March 21, 2006 3:36 PM PST
Linux gets built-in Cell processor support
As is customary, Torvalds announced version 2.6.16 on the Linux kernel mailing list Monday.
Linux is technically just a kernel, but the term often is used to refer to the entire operating system built around that kernel. Linux sellers such as Red Hat and Novell use their own variations of the kernel that Torvalds releases at kernel.org, but they generally are reluctant to deviate too far from what amounts to a standard.
The Cell support should mean an easier time for IBM as it tries to encourage people to buy Cell servers later this year. The unusual processor also is used in Sony's upcoming PlayStation 3 game console, but IBM expects it to be used for high-performance computing tasks such as medical image processing as well. Cell has a main PowerPC processing engine supplemented by eight special-purpose cores that run tiny programs of their own.
Programming Cell is tough, but support in Linux could ease the challenges. The new kernel includes the SPU (synergistic programming unit) file system, which lets software control and communicate with the different processor cores.
Cell isn't the only multicore processor where Linux work is taking place. Torvalds accepted a number of patches Tuesday so Linux will run on Sun Microsystems' UltraSparc T1 "Niagara"-based servers, according to David Miller, the lead Linux-on-Sparc programmer, who posted the news on his blog.
The UltraSparc T1 has eight cores. Though it typically runs Sun's Solaris operating system, Sun wants to build support for Linux as well.
The new kernel has the Oracle Cluster File System as well. This software governs how a single pool of data is shared by a group of servers, a crucial element of Oracle efforts to make clusters of low-end computers a viable database alternative to expensive multiprocessor servers.
OCFS version 2 is part of Suse Linux Enterprise Server, but Red Hat has its own open-source alternative, the Global File System.
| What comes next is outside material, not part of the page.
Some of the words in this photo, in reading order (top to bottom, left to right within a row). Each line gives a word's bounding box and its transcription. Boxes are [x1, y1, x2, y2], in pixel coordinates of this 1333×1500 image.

GFS isn't part of the mainline kernel, according to the KernelNewbies site.
Linux is most widely used on low-end computers, but work is still under way to adapt it for large multiprocessor systems. One change in this domain is improvement in how Linux handles NUMA--nonuniform memory access.
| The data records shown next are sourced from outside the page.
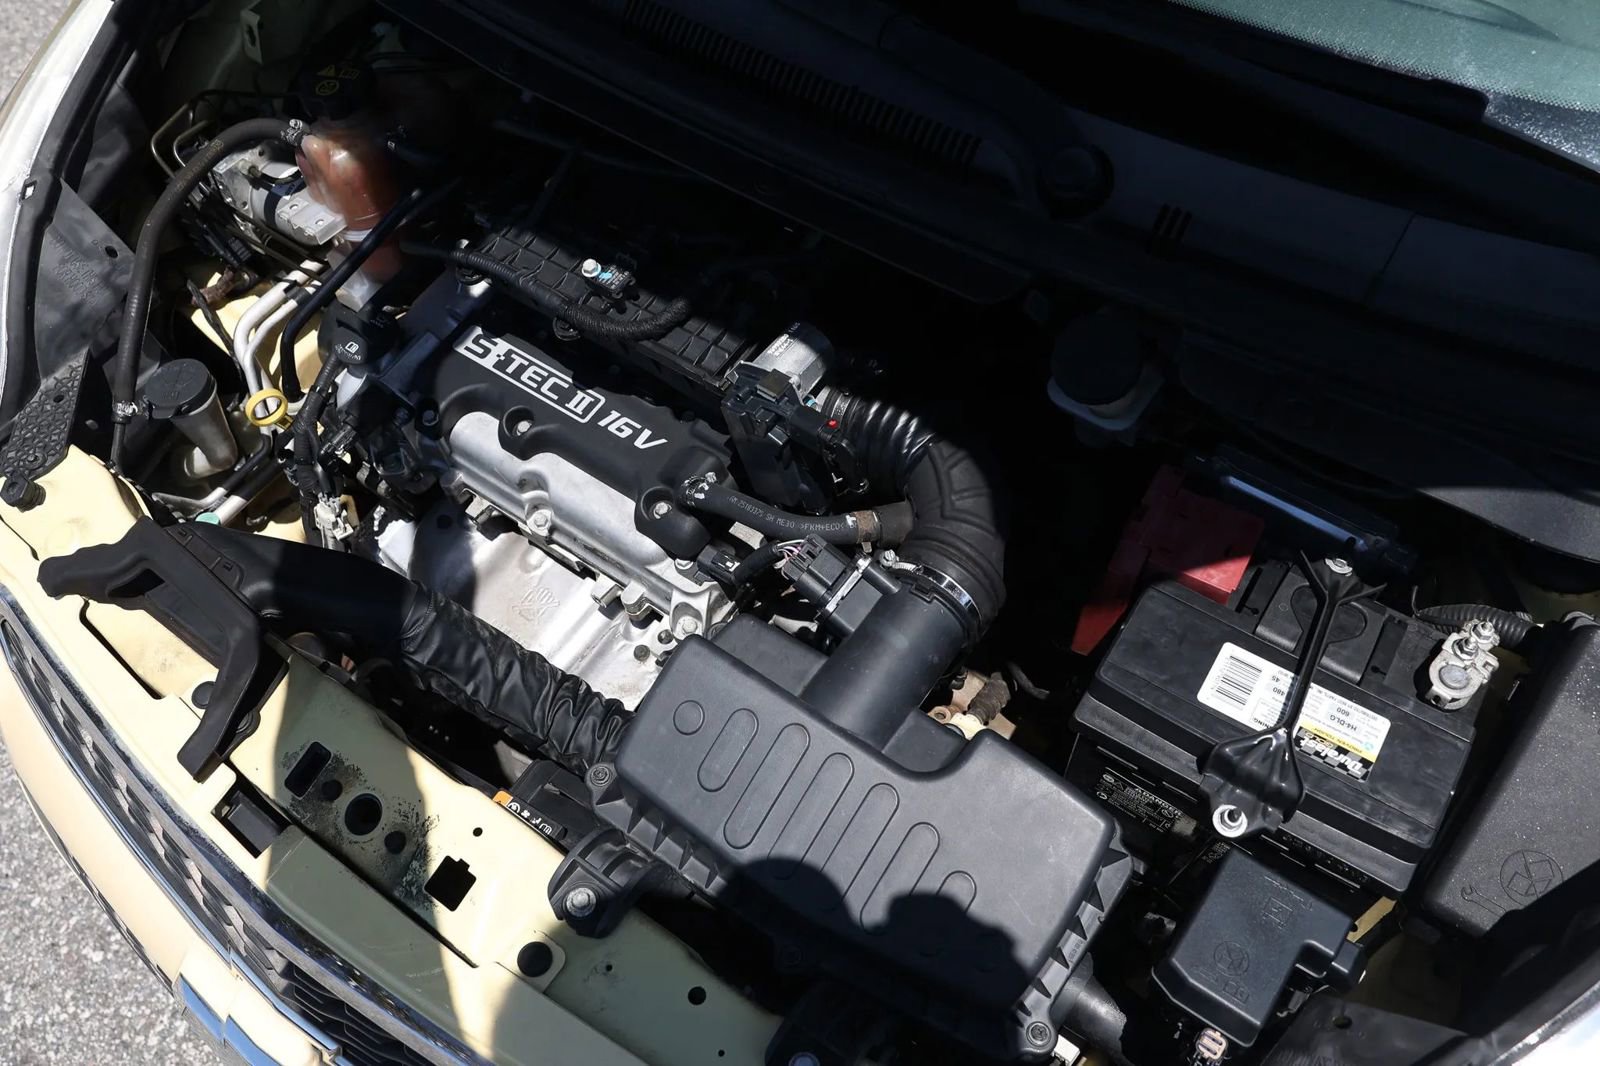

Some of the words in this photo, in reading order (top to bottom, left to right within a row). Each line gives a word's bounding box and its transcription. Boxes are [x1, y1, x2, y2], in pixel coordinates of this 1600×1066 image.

[597, 409, 668, 450] 16V
[1270, 674, 1281, 683] 45
[1271, 685, 1286, 697] 480
[1335, 705, 1350, 717] 600
[1329, 714, 1358, 731] H4-DLG
[1298, 737, 1362, 774] Duralast
Large servers most often divide memory so it's in patches near different processors. An operating system tries to make sure a computing task on one processor uses the nearby memory, but sometimes it needs data from a distant, slower-responding area--thus the term "nonuniform" is used to describe access speeds.
The new kernel can move information stored in memory so it's close to the relevant processor without stopping the process using that memory.